More generally, this course presented concepts of heroism changing over time. From an initial romantic martial jingoism, the picture of the hero morphed to celebrate ordinary soldiers doing their dreadful duty in the trenches and on to including civilians, even women, simply doing the work of carrying on at home. The faculty from the British University of Leeds made an effort that I found heroic to introduce participants to the difficult truth that what we see in history says as much about the time and place from which we are looking as about the factual fidelity of what we observe.
What remains interesting through it all is our strong human drive to find "heroism" in someone. We apparently need heroes. I think the Left needs to remember that people need heroes, even as we tend to be questioning of individuals who stick their heads up from among the group.
I've commented in a previous post about the enthusiasm with which the Brits are taking up the WWI centenary commemorations. After the Scotland referendum, in a country going into elections in May, these emotions are a force, though for what I have little clue.

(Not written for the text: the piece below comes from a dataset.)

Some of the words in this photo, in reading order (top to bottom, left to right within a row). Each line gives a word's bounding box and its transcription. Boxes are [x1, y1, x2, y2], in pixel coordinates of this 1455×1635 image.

What worked very poorly for me was the attempt to encourage student dialogue through a long sequential comment section after each exercise and topic. I just don't have the tolerance to read 70 or 80 comments looking for the few that inspire threads I might care about. There was a technical capacity to "follow" certain commenters, but even that would have required reading through vast numbers of contributions to find those few to follow. I wasn't willing to commit the time.

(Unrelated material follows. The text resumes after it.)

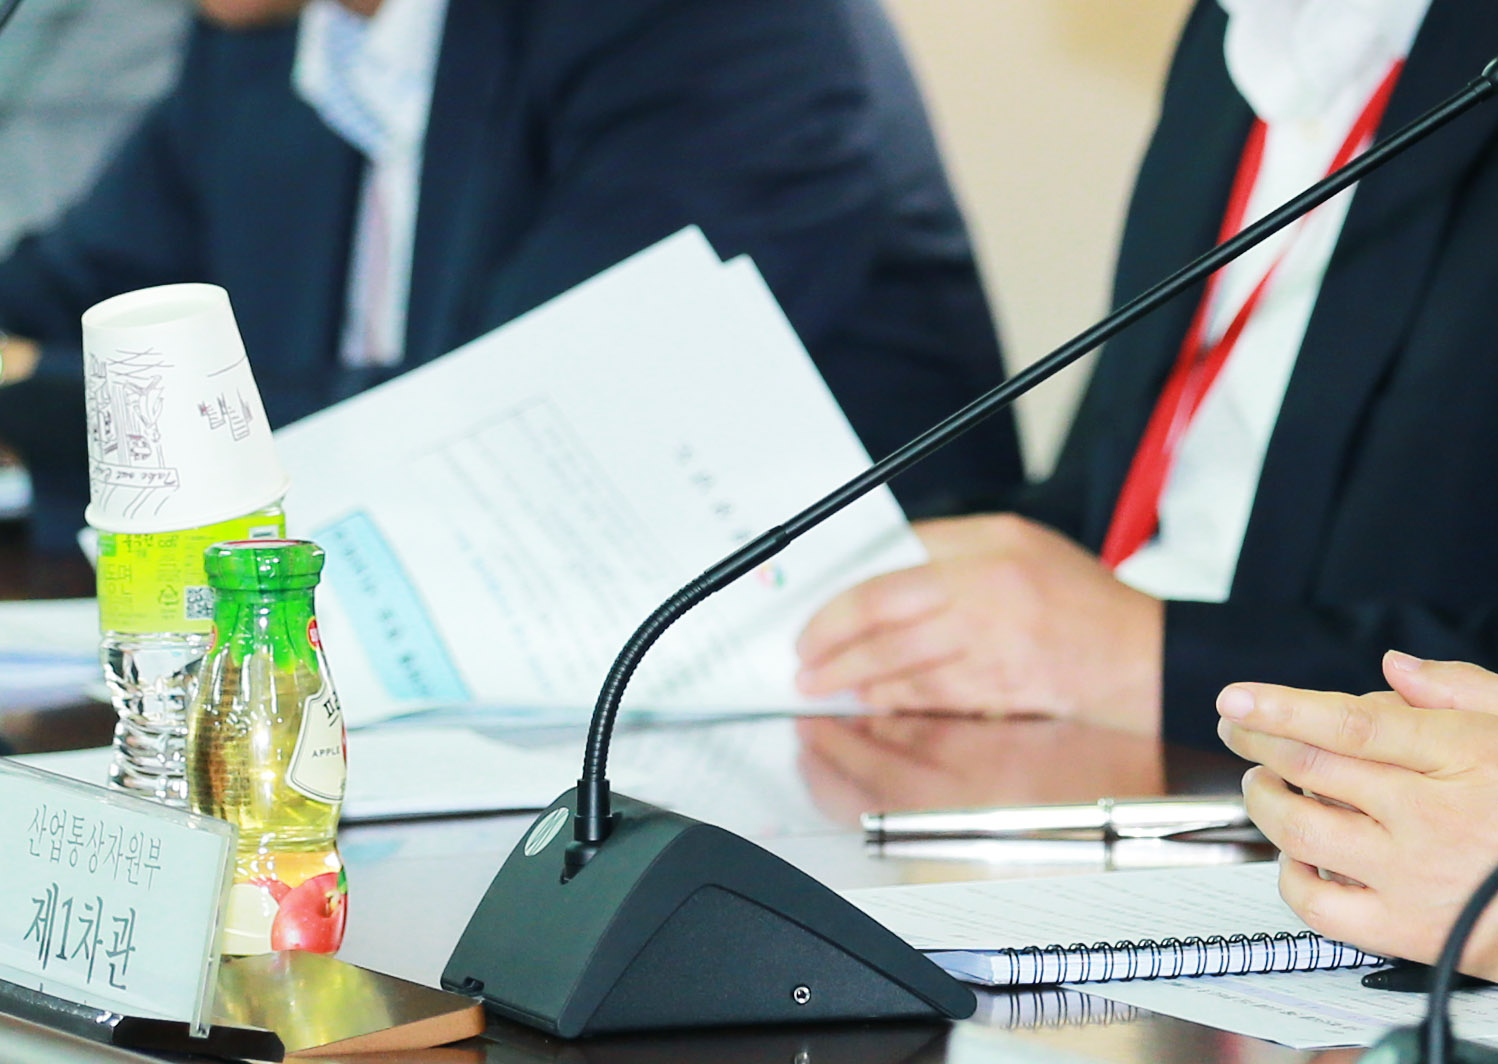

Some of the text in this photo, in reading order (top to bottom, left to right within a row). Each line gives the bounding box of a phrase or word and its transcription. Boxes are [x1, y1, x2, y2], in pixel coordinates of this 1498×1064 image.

[141, 470, 177, 487] Take
[311, 747, 341, 758] APPLE
[27, 803, 162, 891] 산업통상자원부
[23, 882, 137, 991] 제1차관

I wonder if the software to could be programmed to assemble random, but diverse, small groups of participants based on profiles we might submit before the course began. People who didn't want to engage with fellow students could opt out, but those who wanted this online conversation could be grouped in manageable size "sections" within which to have some back and forth. I see no technical bar to such an arrangement. Of course, maybe it has been tried and works even less well.

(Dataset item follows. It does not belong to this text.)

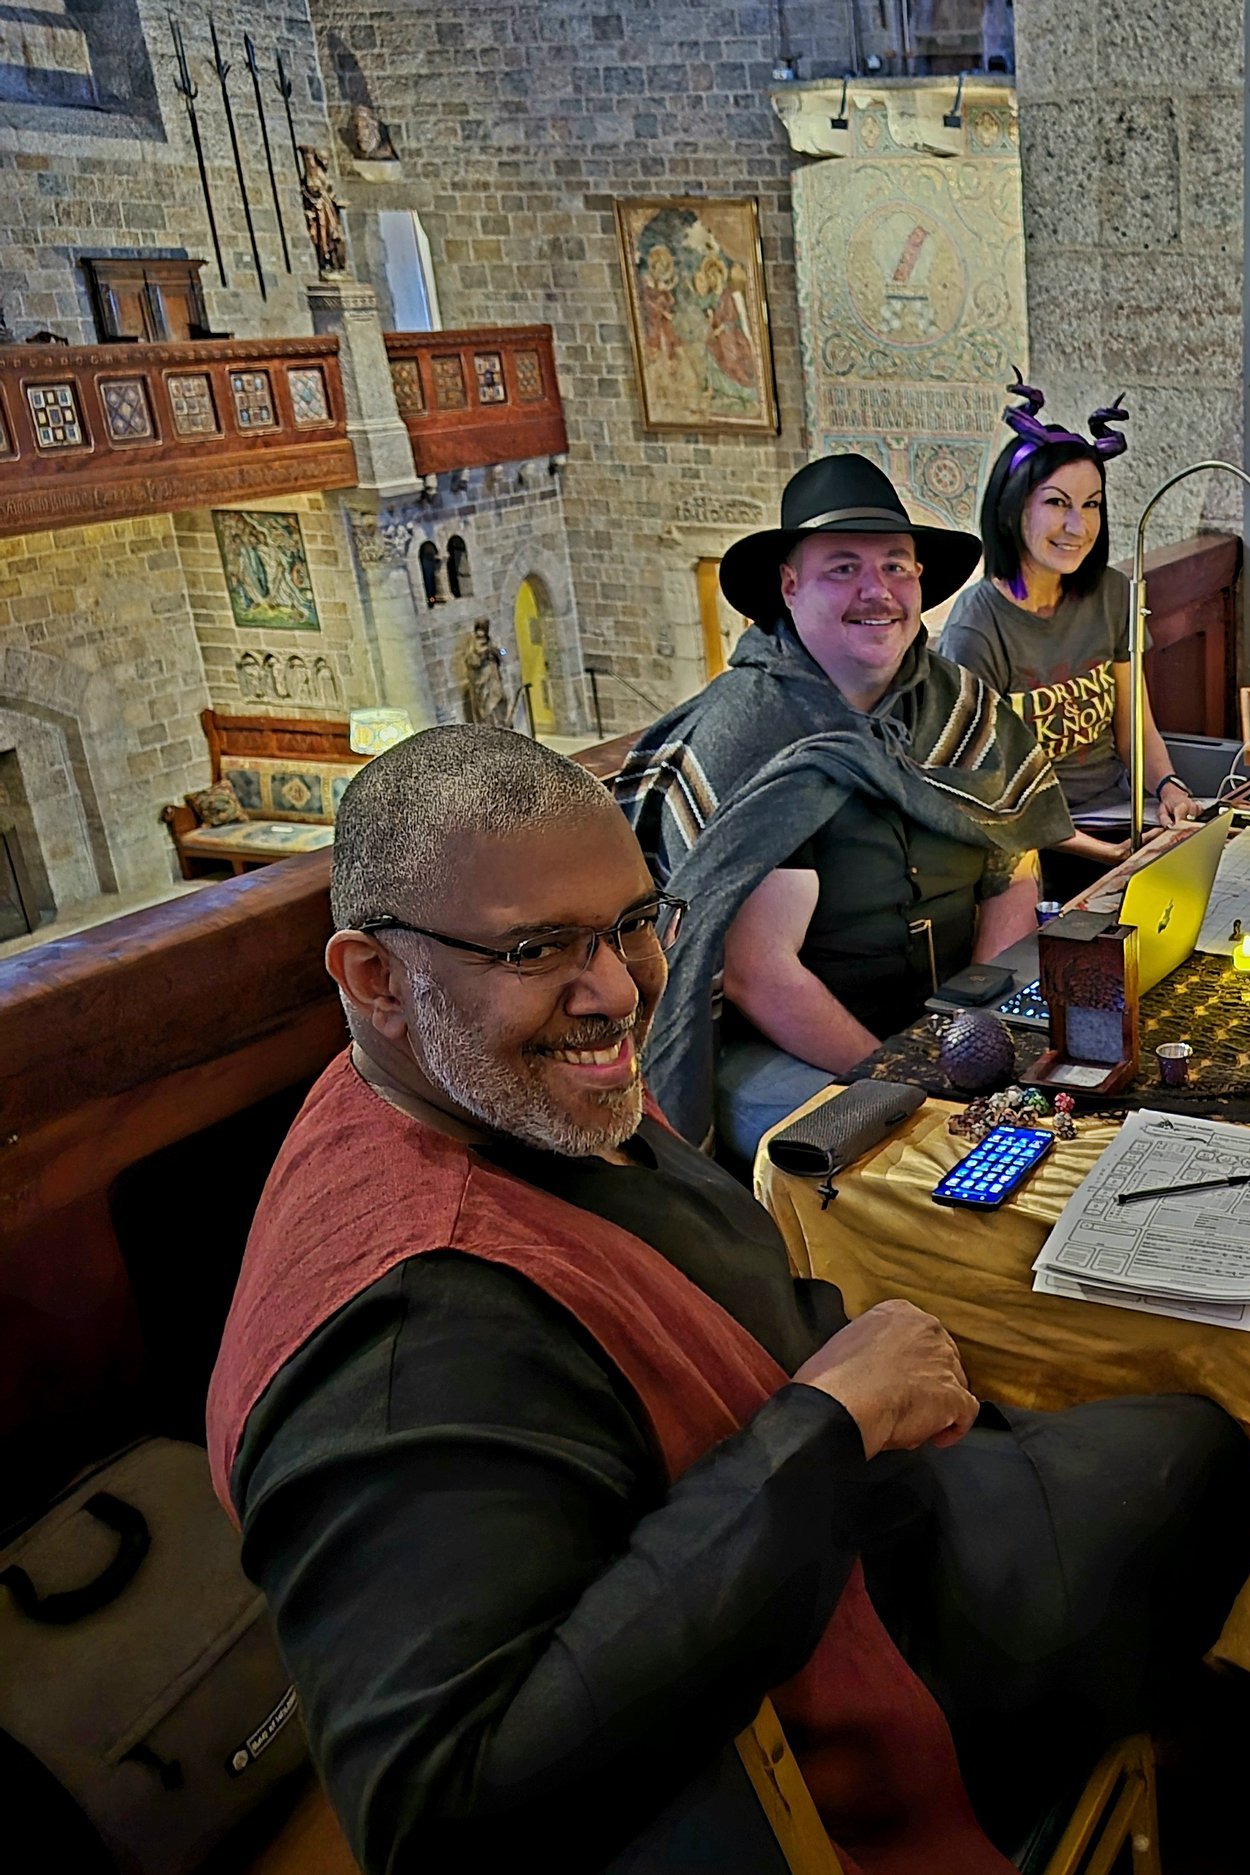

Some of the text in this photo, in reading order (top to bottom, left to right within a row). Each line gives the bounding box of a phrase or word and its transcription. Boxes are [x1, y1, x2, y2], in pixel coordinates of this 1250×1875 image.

Like any educational effort, you get out of a MOOC what you put into it. This course took time, far more for me than the four hours a week the organizers suggested it might need. I don't know whether this was the case because I brought a fair amount of background to it or was just what it took to get something out of it.
Much of the course involved visual material. Several hour-long video discussions among the faculty were some of the most interesting parts to me -- these were "extras" but, for me, critical for advancing my understanding. There may be life in the old fashioned lecture format yet.
We were asked to assemble visual collections of our own, exercises that grabbed me less. You can see my annotated war memorials here and some war paintings from a BBC collection I selected and commented on. I probably didn't put as much into these exercises as I might have because the MOOC format meant I'd get no feedback on the exercise.
Would I do this again? I've signed up for the same program's course on "Paris 1919 -- A New World" which reassesses the legacy of the peace conference. I'm sure I'll post on that topic sometime in July.